The emancipation of women is one of the most significant aspects of social and cultural transformation around the world. Women are gradually moving to occupy more space in the public arena. However, in Africa, the history and current dynamics of women’s emancipation movements are off the radar and often poorly documented beyond women associated with political parties, liberation movements, or NGOs which receive funding from the global North.
For years, African women have broken through multiple layers of alienation and repression, enduring slavery, colonialism, post-colonial state patriarchy and victimisation, further compounded by cycles of armed and civil conflict that have forced women into roles as combatants, survivors and victims. The engagement of women in reconciliation and inter-communal peace is sidelined and superficially addressed in political processes.

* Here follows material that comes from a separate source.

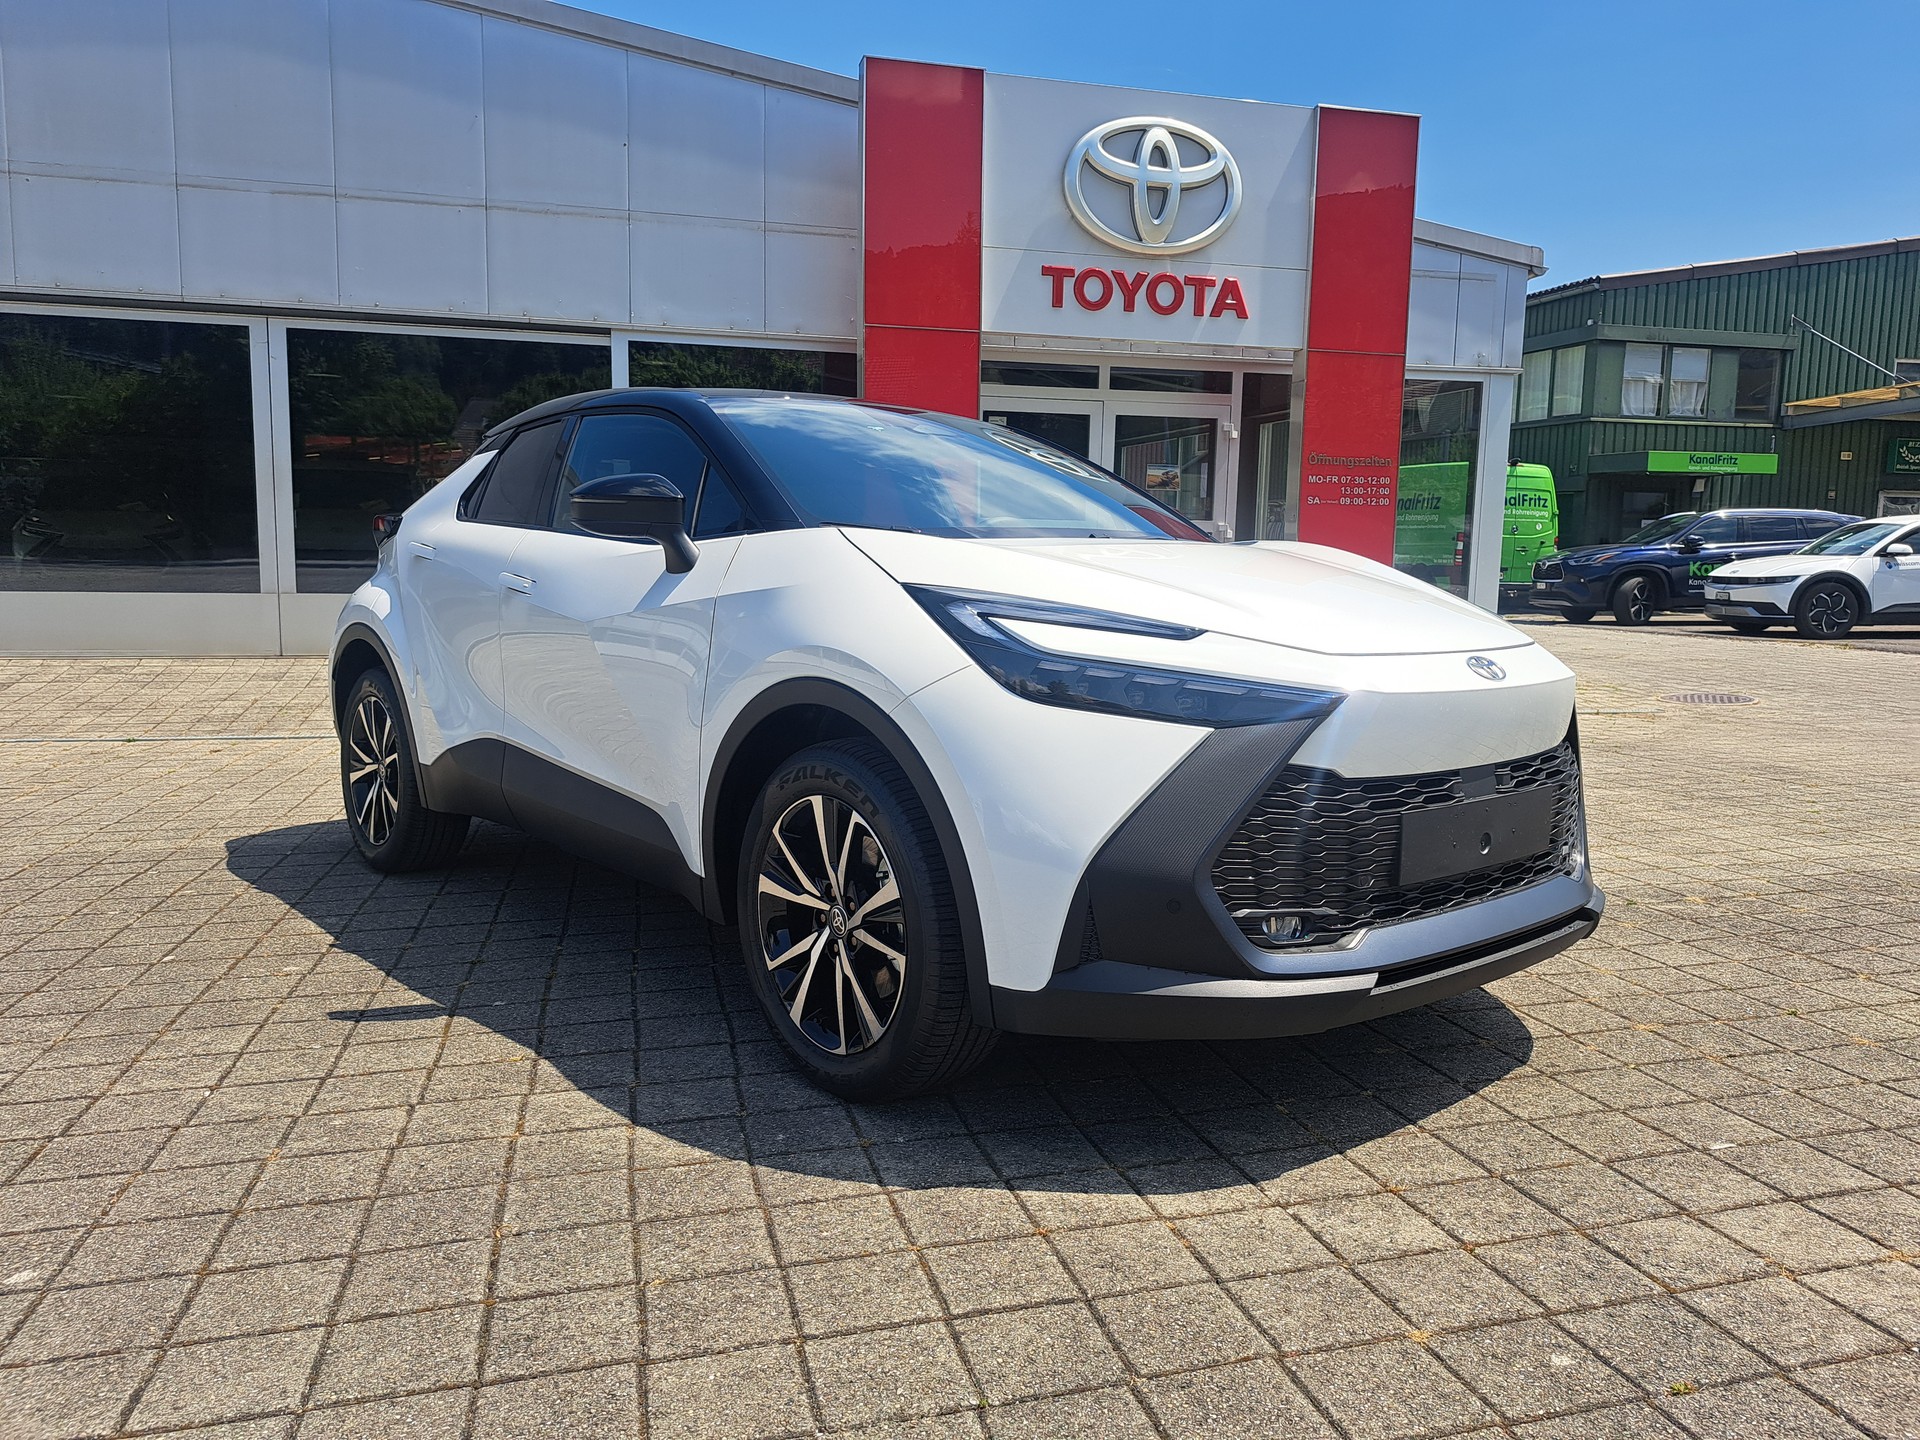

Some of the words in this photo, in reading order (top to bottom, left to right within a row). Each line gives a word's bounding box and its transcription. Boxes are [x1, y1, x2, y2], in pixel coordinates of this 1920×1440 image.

Over the past 40 years, women – particularly poor women who are the majority of the continent’s population – have struggled with the impact of privatisation and open-market economies which, in turn, affected women workers, teachers, midwives, healers, farmers, and cattle herders. They all lost their work in some form or another, as well as the opportunities to progress and engage in independent collective feminist movements.
For example, in Sudan and South Sudan, midwifery, nursing and teaching jobs were predominantly filled by women who had strong unions during the 1960s and 1970s. These unions served as incubators for the feminist movement, where working women with access to rights discourse and collective actions took initiative to spread the message of women’s liberation and sought to lead by example.
Yet these jobs and the unions that accompanied them have totally collapsed since, with generations of women becoming un/under-employed and forced to surrender to dark social and economic realities.
By the 1980s and 1990s, the collapse of trade unions and privatisation led to, among other things, polarisation and armed conflicts across the region – exacerbating the problems faced by vulnerable women.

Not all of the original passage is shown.